Ambos oyeron a Amy que reía en el pasillo.

– ¡No, Troy!

Los recién casados acudían a la cocina para despedirse. Todas las tardes, justo después del té, regresaban corriendo a su apartamento, donde Molly estaba casi segura que saltaban a la cama y hacían el amor muy ruidosamente antes de tener que volver a la casa de huéspedes para pasar la noche.

– Qué suerte -murmuró Molly-. Ahora nos darán un cursito sobre nuestras carencias sexuales en estéreo.

– Ni por asomo.

Sin previo aviso, Kevin la tomó en brazos, la empujó contra la nevera y aplastó su boca en la de ella.

Molly sabía exactamente por qué lo hacía. Y aunque tal vez fuera una idea mejor que la del chupetón, también era mucho más peligrosa.

La mano libre de Kevin agarró su pierna por debajo de la rodilla y la levantó. Molly enroscó su pierna en la cadera de Kevin y lo abrazó. La otra mano de Kevin se deslizó bajo el top de Molly en busca de uno de sus pechos. Como si tuviera algún derecho.

La puerta de la cocina se abrió de par en par y Molly recordó de pronto que tenían testigos. Ése, por supuesto, era el objetivo. Kevin se echó atrás unos centímetros, aunque no lo bastante como para que los labios de Molly se enfriasen. Kevin no apartó la vista de la boca de Molly, ni tampoco retiró la mano de su pecho.

– Marchaos.

Un grito sofocado de Amy. Un portazo. El sonido de unos pasos rápidos en retirada.

– Supongo que les hemos dado una lección -dijo Molly rozándole los labios.

– Supongo -dijo Kevin, antes de empezar a besarla de nuevo.

– Molly, te… ¡Oh, perdón!

Otro portazo. Más pasos en retirada, esta vez de Lilly.

Kevin soltó un taco.

– Nos vamos de aquí.

Su voz contenía la misma nota de determinación que le había oído en entrevistas de televisión cuando prometía ganar a Green Bay. Kevin soltó la pierna de Molly, y retiró de mala gana la mano que tenía encima de su pecho.

Molly se había vuelto a meter donde se suponía que no debía.

– La verdad, pienso que…

– Basta de pensar, Molly. Soy tu marido, maldita sea, y ya es hora de que te comportes como una esposa.

– ¿Cómo una…? ¿A qué te…?

Pero Kevin era fundamentalmente un hombre de acción y ya había tenido suficiente charla. Asiéndola por la muñeca, la arrastró hacia la puerta de atrás.

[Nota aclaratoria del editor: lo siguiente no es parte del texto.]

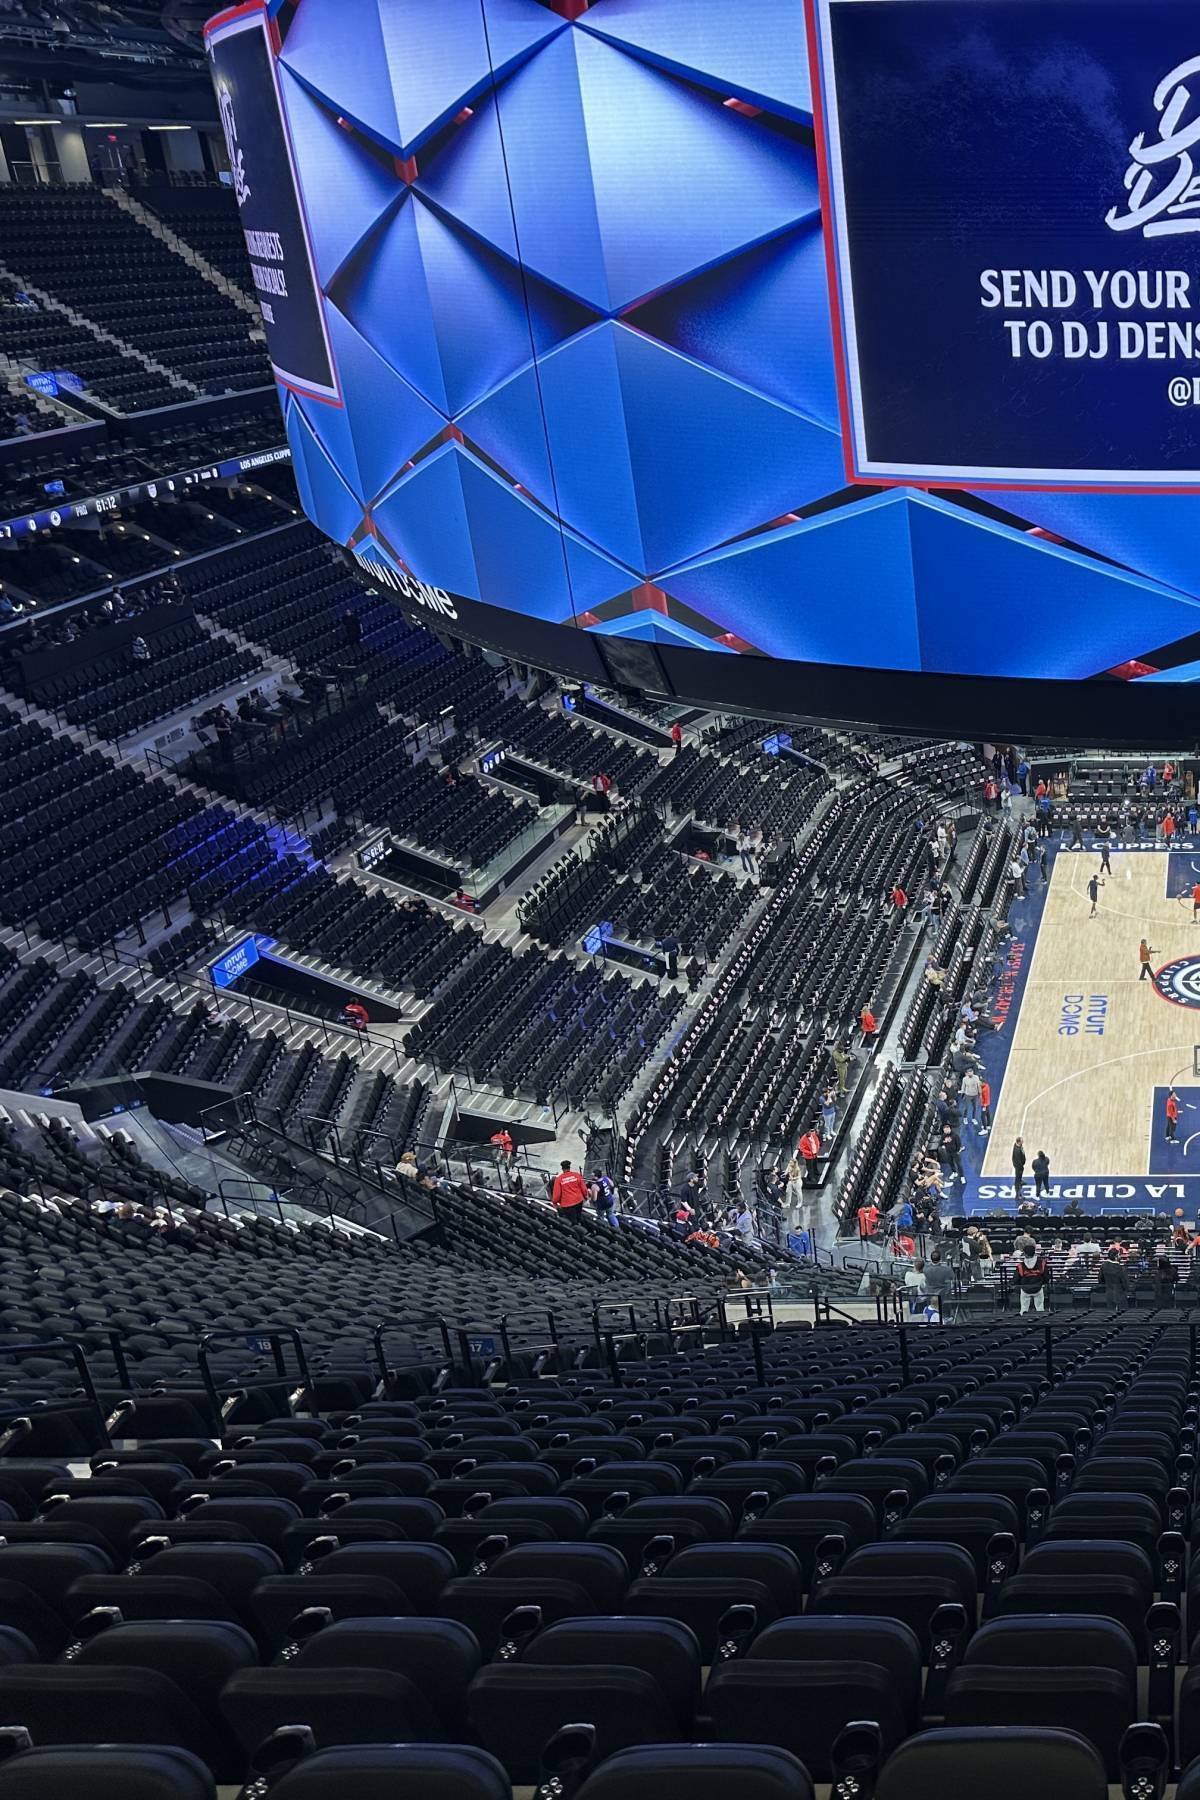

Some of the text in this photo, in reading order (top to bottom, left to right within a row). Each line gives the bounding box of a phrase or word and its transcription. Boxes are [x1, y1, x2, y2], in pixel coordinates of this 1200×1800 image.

[980, 269, 1076, 309] SEND
[1082, 269, 1190, 309] YOUR
[1004, 321, 1053, 359] TO
[1064, 321, 1109, 359] DJ
[240, 459, 251, 470] LOS
[251, 453, 274, 467] ANGELES
[96, 496, 117, 513] 61:12
[1092, 842, 1194, 850] CLIPPERS
[1160, 961, 1189, 1004] CLIPPERS
[978, 1184, 1185, 1199] LA CLIPPERS
[257, 1341, 272, 1350] 19

Molly no se lo podía creer. La estaba secuestrando para cometer… ¡sexo ala fuerza!

«Santo Dios… ¡Resístete! ¡Dile que no!»

Molly veía el programa de Oprah y sabía exactamente qué se suponía que tenía que hacer una mujer en aquella situación. Gritar a todo pulmón, tirarse al suelo y ponerse a darle patadas a su asaltante con todas sus fuerzas. La entendida en la materia del programa había explicado que esta estrategia no sólo tenía la ventaja de la sorpresa, sino que utilizaba la fuerza de la parte inferior del cuerpo de la mujer.

«Gritar. Tirarse al suelo. Dar patadas.»

– No -susurró.

Kevin ni la oyó. Siguió arrastrándola por el jardín y luego por el camino que corría entre las casitas y el lago. Las largas piernas de Kevin devoraban el terreno como si estuviera intentando vencer al pitido final. Se habría caído de bruces si Kevin no la hubiera estado agarrando tan fuerte.

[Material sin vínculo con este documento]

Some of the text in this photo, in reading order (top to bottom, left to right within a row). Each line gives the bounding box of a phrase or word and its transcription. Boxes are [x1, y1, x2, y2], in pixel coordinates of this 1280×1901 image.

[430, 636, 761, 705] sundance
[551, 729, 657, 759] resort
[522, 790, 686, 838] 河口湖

«Gritar. Tirarse al suelo. Dar patadas.» Y no dejar de gritar Molly recordaba aquella parte. Se suponía que no había dejar de gritar ni un segundo mientras se daban las patadas.

La idea de tirarse al suelo resultaba interesante. Nada intuitiva, aunque tenía sentido. Las mujeres no podían competir con los hombres en cuanto a fuerza de la parte superior del cuerpo, pero si el asaltante masculino estaba en pie y la mujer se tiraba al suelo… Una ráfaga de patadas fuertes y rápidas en las partes blandas… Sin duda, tenía sentido.

– Mmm, Kevin…

– Cállate, o te juro por Dios que te poseo aquí mismo.

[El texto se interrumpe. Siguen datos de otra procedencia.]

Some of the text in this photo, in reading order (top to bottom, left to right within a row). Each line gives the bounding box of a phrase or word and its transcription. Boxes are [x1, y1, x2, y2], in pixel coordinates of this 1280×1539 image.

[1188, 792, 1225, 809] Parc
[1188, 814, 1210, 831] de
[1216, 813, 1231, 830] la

Sí, sin duda era sexo a la fuerza.

«Gracias a Dios.»

Molly estaba tan cansada de pensar, tan cansada de huir de lo que tanto deseaba. Ella sabía que tener que creer que la decisión se le había ido de las manos decía muy poco a favor de su madurez personal. Y considerar a Kevin como un depredador sexual era incluso más lamentable. Pero a sus veintisiete años, Molly todavía no era la mujer que quería ser. La mujer que intentaba ser. Cuando tuviera los treinta, estaba absolutamente segura de que ya dominaría su propia sexualidad. Pero, de momento, que lo hiciera él.

Avanzaron a sacudidas por el camino dejando atrás al Buen Señor y Arca de Noé. Lirios del campo estaba justo delante.

Molly se acordó de las escasas prestaciones como amante de Kevin y juró que no le diría ni una palabra sobre el tema ni durante ni después. Kevin no era una persona egoísta por naturaleza. ¿Qué iba a saber él de prolegómenos cuando tenía a todas aquellas mujeres colmándole de atenciones? Y un «pim, pam, gracias, señora» ya estaría bien. Aquellas enfermizas imágenes nocturnas que le habían arrebatado el sueño se esfumarían finalmente ante la cruda realidad.


– Adentro -dijo abriendo de golpe la puerta de la casita y empujando a Molly.

Molly no tenía ninguna opción en el asunto. Ninguna en absoluto. Él era más alto, más fuerte, y tenía propensión a ponerse violento en cualquier momento.

Incluso para una persona imaginativa, aquello era un callejón sin salida.

Molly deseó que no la hubiera soltado, aunque le gustó el modo como se echó las manos a las caderas. Y su mirada parecía seriamente amenazadora.

– No vas a empezara soltarme el rollo de siempre, ¿verdad?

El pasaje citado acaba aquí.